AIM OF THE TASK: Before copying, remove every picture, and then repeat all entries below precisely as written.

Data items

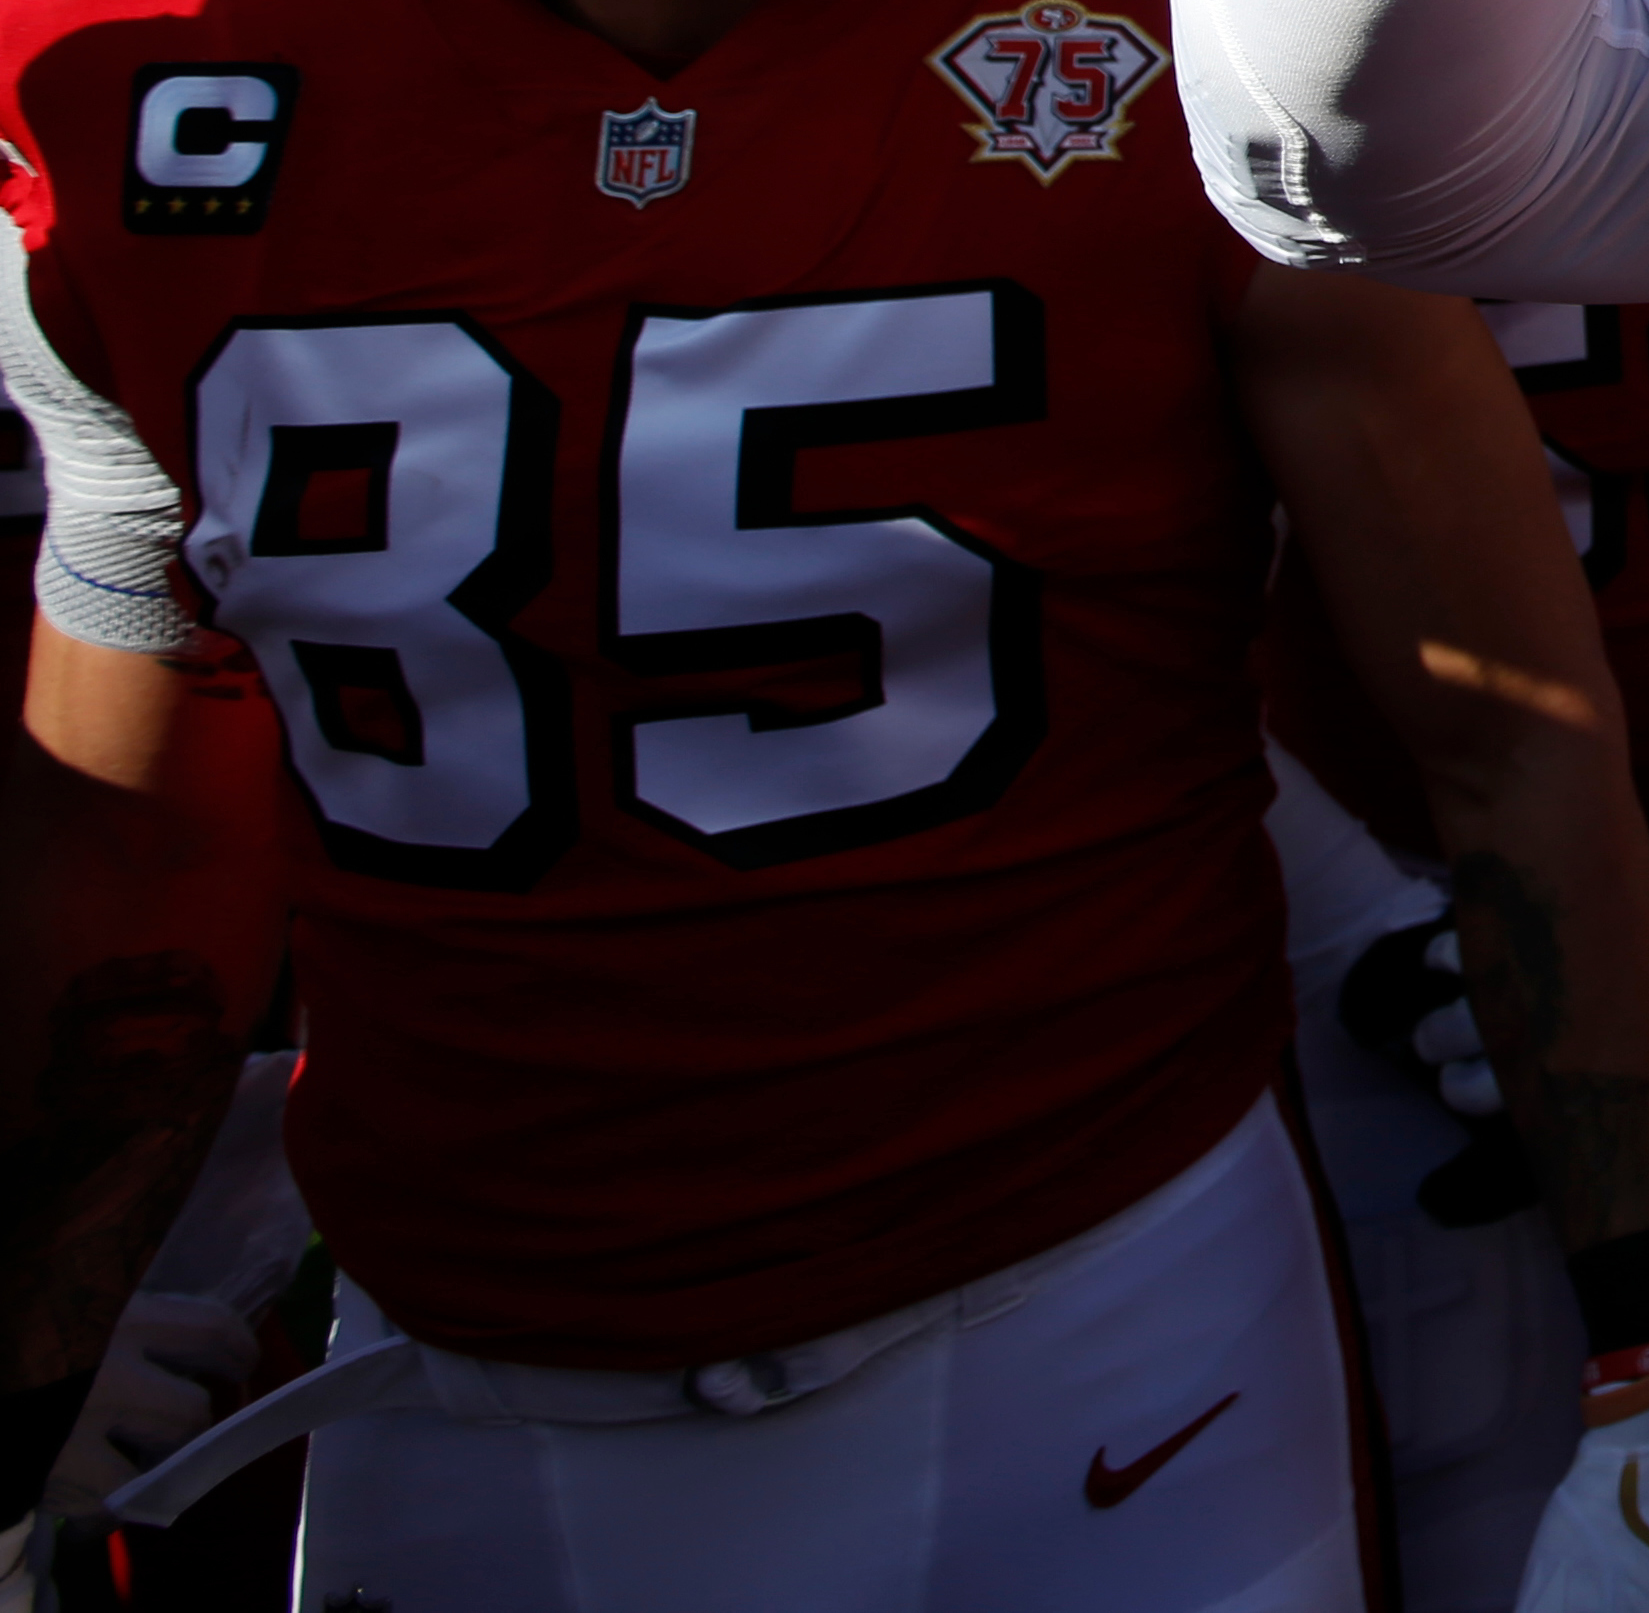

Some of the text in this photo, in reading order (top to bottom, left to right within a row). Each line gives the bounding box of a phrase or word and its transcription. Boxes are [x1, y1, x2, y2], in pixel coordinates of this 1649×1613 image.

[986, 38, 1112, 124] 75
[137, 76, 278, 186] C
[612, 149, 674, 188] NFL
[186, 285, 1015, 862] 85
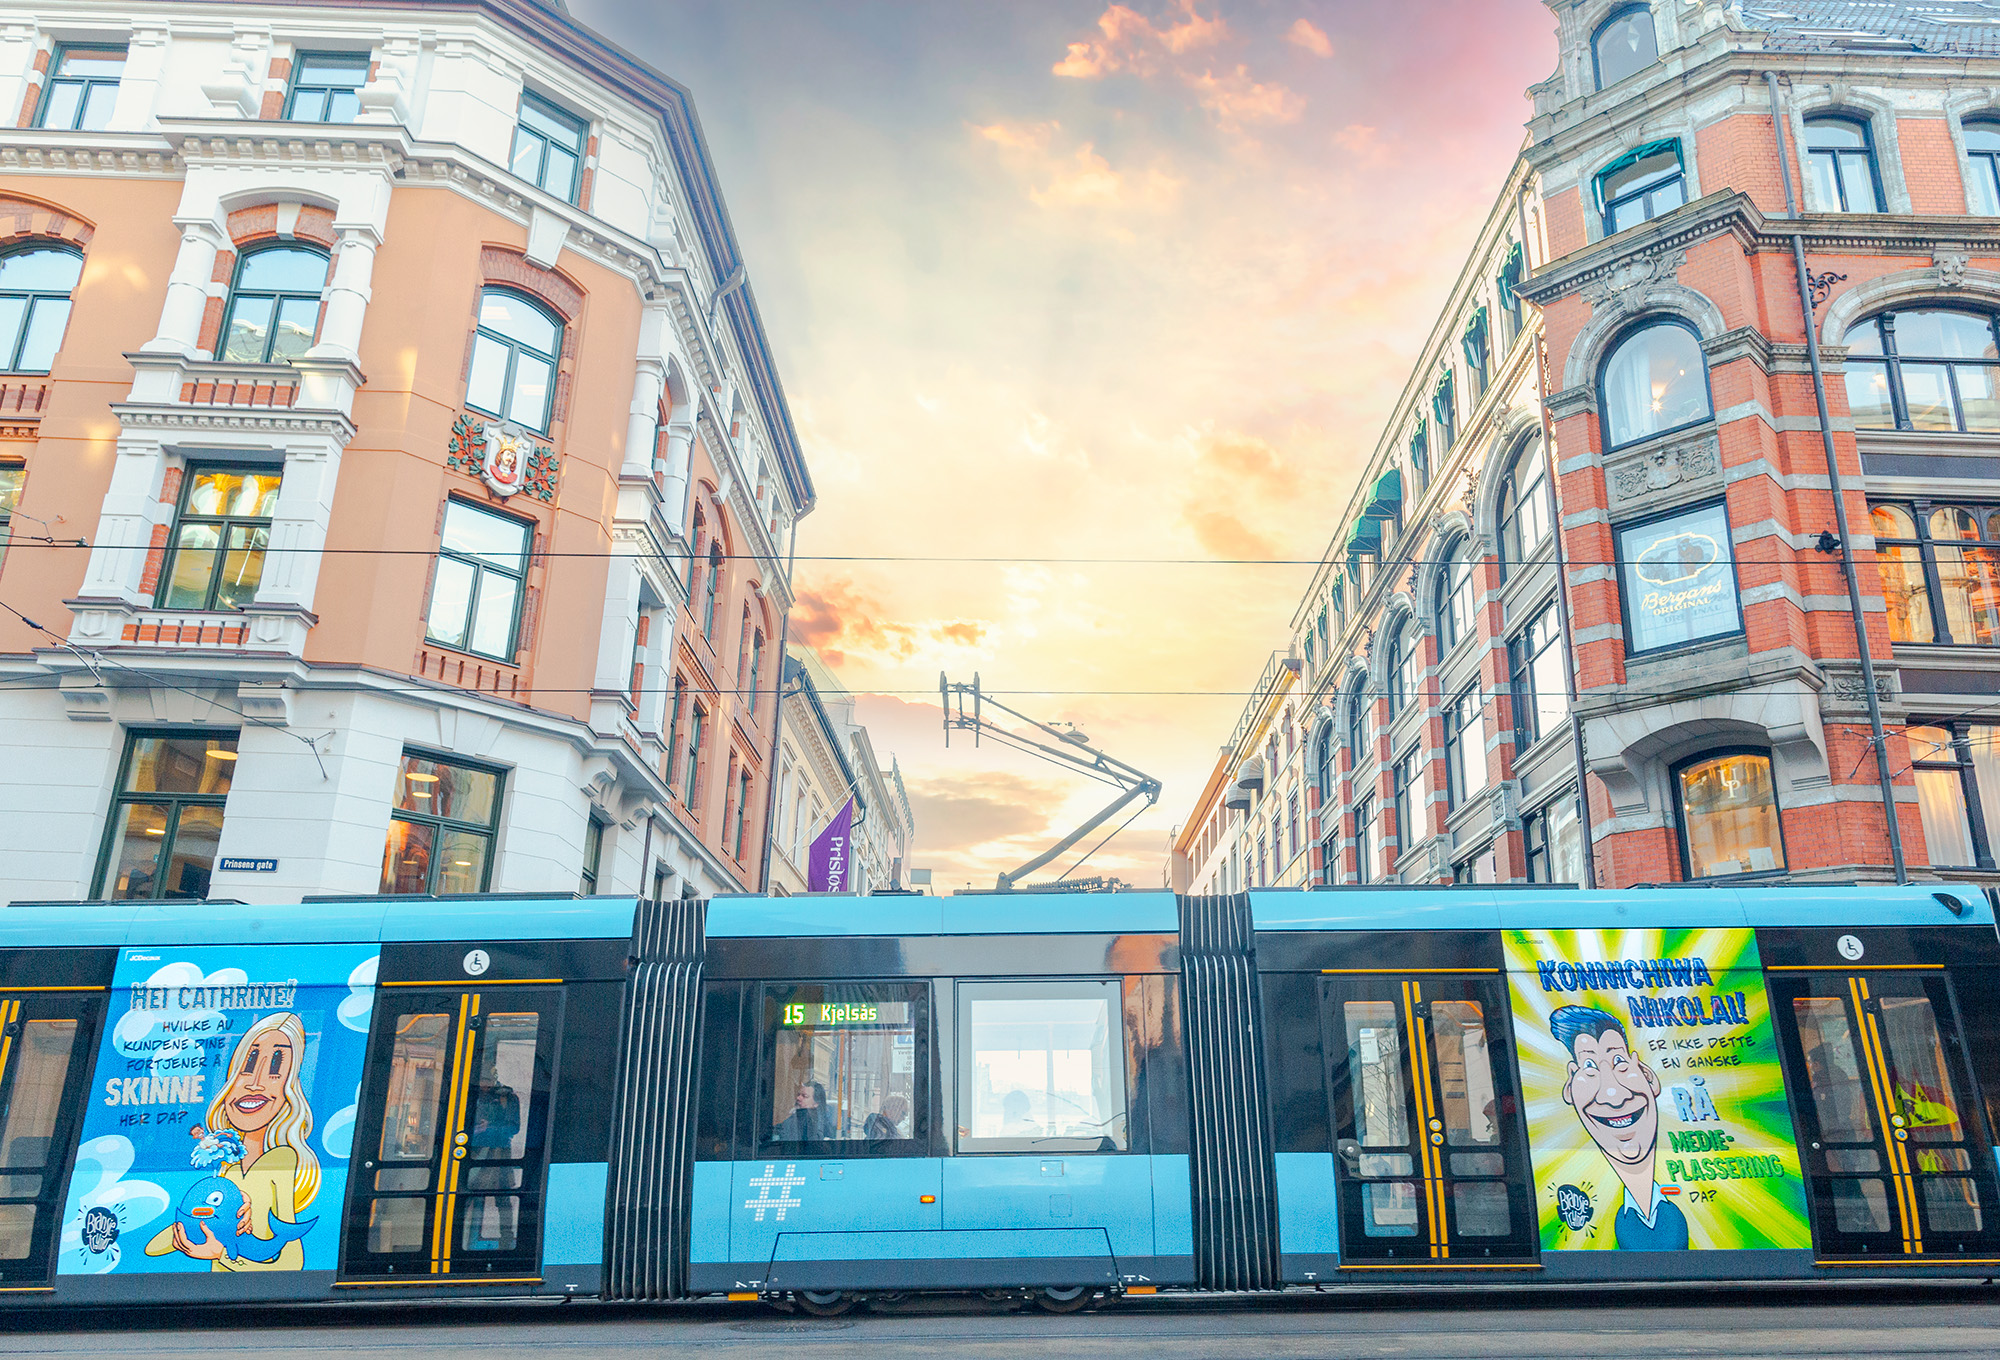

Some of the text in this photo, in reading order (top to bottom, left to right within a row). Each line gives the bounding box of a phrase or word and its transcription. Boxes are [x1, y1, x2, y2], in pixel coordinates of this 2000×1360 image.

[1641, 579, 1722, 611] Bergans
[1653, 597, 1711, 615] ORIGINAL
[223, 859, 273, 871] Prinsens gate
[1536, 957, 1714, 991] KONNICHIWA
[130, 978, 298, 1010] HEI CATHRINE!
[783, 1003, 877, 1025] 15 Kjelsås
[1627, 992, 1749, 1028] NIKOLAI!
[162, 1020, 211, 1033] HVILKE
[123, 1037, 226, 1052] KUNDENE DINE
[1648, 1035, 1756, 1051] ER IKKE DETTE
[126, 1054, 221, 1071] FORTJENER Å
[1661, 1054, 1742, 1069] EN GANSKE
[104, 1075, 205, 1106] SKINNE
[1671, 1074, 1720, 1122] RÅ
[119, 1110, 188, 1127] HER DA?
[1667, 1129, 1735, 1153] MEDIE-
[1666, 1154, 1784, 1182] PLASSERING
[1689, 1189, 1717, 1203] DA?
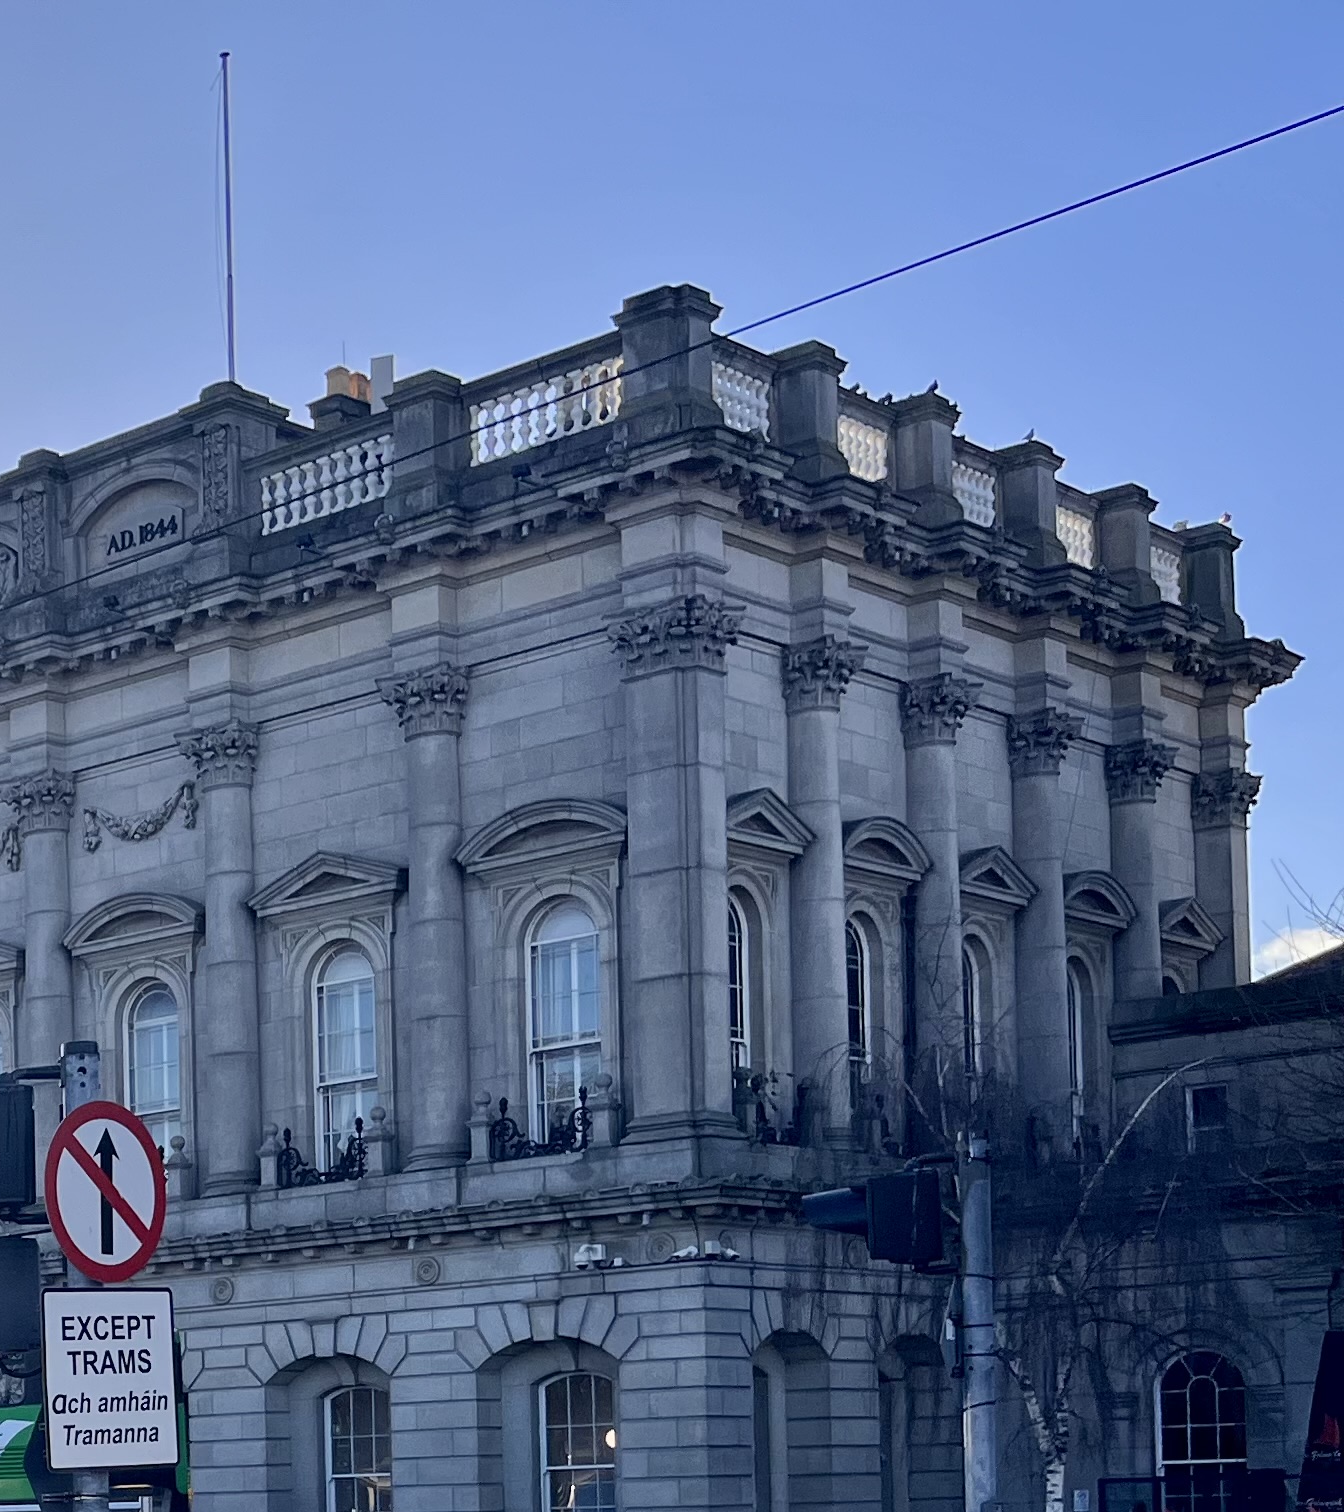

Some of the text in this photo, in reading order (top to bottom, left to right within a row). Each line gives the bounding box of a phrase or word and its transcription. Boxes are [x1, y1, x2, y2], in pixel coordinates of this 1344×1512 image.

[139, 515, 178, 545] 1844
[61, 1315, 156, 1341] EXCEPT
[66, 1349, 152, 1375] TRAMS
[98, 1389, 168, 1412] amháin
[63, 1424, 159, 1446] Tramanna

RESPONSE TO THIS EXERCISE:
Some of the text in this photo, in reading order (top to bottom, left to right within a row). Each line gives the bounding box of a phrase or word and its transcription. Boxes are [x1, y1, x2, y2], in pixel coordinates of this 1649×1613 image.

[986, 38, 1112, 124] 75
[137, 76, 278, 186] C
[612, 149, 674, 188] NFL
[186, 285, 1015, 862] 85

Some of the text in this photo, in reading order (top to bottom, left to right within a row). Each line gives the bounding box of a phrase or word and its transcription. Boxes are [x1, y1, x2, y2], in pixel coordinates of this 2000×1360 image.

[1641, 579, 1722, 611] Bergans
[1653, 597, 1711, 615] ORIGINAL
[223, 859, 273, 871] Prinsens gate
[1536, 957, 1714, 991] KONNICHIWA
[130, 978, 298, 1010] HEI CATHRINE!
[783, 1003, 877, 1025] 15 Kjelsås
[1627, 992, 1749, 1028] NIKOLAI!
[162, 1020, 211, 1033] HVILKE
[123, 1037, 226, 1052] KUNDENE DINE
[1648, 1035, 1756, 1051] ER IKKE DETTE
[126, 1054, 221, 1071] FORTJENER Å
[1661, 1054, 1742, 1069] EN GANSKE
[104, 1075, 205, 1106] SKINNE
[1671, 1074, 1720, 1122] RÅ
[119, 1110, 188, 1127] HER DA?
[1667, 1129, 1735, 1153] MEDIE-
[1666, 1154, 1784, 1182] PLASSERING
[1689, 1189, 1717, 1203] DA?

Some of the text in this photo, in reading order (top to bottom, left to right within a row). Each line gives the bounding box of a phrase or word and its transcription. Boxes are [x1, y1, x2, y2], in pixel coordinates of this 1344×1512 image.

[139, 515, 178, 545] 1844
[61, 1315, 156, 1341] EXCEPT
[66, 1349, 152, 1375] TRAMS
[98, 1389, 168, 1412] amháin
[63, 1424, 159, 1446] Tramanna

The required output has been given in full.